Only one range belongs in the answer: the line holding "this 1667×1023 image." through the last line of the records, reproduced as is.

Material shown:
- Opening Delimiter -
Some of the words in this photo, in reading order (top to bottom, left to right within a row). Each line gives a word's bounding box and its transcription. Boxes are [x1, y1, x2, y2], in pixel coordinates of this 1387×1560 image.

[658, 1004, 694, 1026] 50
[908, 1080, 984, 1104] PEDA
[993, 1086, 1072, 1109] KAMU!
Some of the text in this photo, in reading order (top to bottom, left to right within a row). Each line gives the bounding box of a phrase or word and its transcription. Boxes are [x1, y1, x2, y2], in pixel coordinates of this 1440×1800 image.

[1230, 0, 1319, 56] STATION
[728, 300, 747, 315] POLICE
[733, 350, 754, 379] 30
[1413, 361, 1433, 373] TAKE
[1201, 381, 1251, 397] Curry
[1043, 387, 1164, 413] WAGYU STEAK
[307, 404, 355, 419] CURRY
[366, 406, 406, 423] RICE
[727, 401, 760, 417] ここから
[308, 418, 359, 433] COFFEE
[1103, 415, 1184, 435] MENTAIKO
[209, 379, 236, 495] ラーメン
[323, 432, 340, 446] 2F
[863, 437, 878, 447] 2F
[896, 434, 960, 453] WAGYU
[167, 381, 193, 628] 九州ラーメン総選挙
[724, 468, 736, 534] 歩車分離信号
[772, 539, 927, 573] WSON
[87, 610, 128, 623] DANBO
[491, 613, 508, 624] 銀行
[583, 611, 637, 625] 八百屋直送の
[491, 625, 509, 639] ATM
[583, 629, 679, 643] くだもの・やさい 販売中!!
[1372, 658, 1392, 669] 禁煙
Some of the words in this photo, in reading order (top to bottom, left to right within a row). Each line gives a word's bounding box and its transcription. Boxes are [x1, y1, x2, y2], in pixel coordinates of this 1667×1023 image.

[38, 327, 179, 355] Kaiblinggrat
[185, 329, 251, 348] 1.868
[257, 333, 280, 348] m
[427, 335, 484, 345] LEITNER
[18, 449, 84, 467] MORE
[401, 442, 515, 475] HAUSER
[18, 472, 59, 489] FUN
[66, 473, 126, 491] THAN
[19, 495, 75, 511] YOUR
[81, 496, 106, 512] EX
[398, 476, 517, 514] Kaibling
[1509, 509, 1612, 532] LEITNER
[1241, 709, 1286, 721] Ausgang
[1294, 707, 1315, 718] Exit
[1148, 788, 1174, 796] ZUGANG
- Closing Delimiter -
Written reply:
Some of the words in this photo, in reading order (top to bottom, left to right within a row). Each line gives a word's bounding box and its transcription. Boxes are [x1, y1, x2, y2], in pixel coordinates of this 1667×1023 image.

[38, 327, 179, 355] Kaiblinggrat
[185, 329, 251, 348] 1.868
[257, 333, 280, 348] m
[427, 335, 484, 345] LEITNER
[18, 449, 84, 467] MORE
[401, 442, 515, 475] HAUSER
[18, 472, 59, 489] FUN
[66, 473, 126, 491] THAN
[19, 495, 75, 511] YOUR
[81, 496, 106, 512] EX
[398, 476, 517, 514] Kaibling
[1509, 509, 1612, 532] LEITNER
[1241, 709, 1286, 721] Ausgang
[1294, 707, 1315, 718] Exit
[1148, 788, 1174, 796] ZUGANG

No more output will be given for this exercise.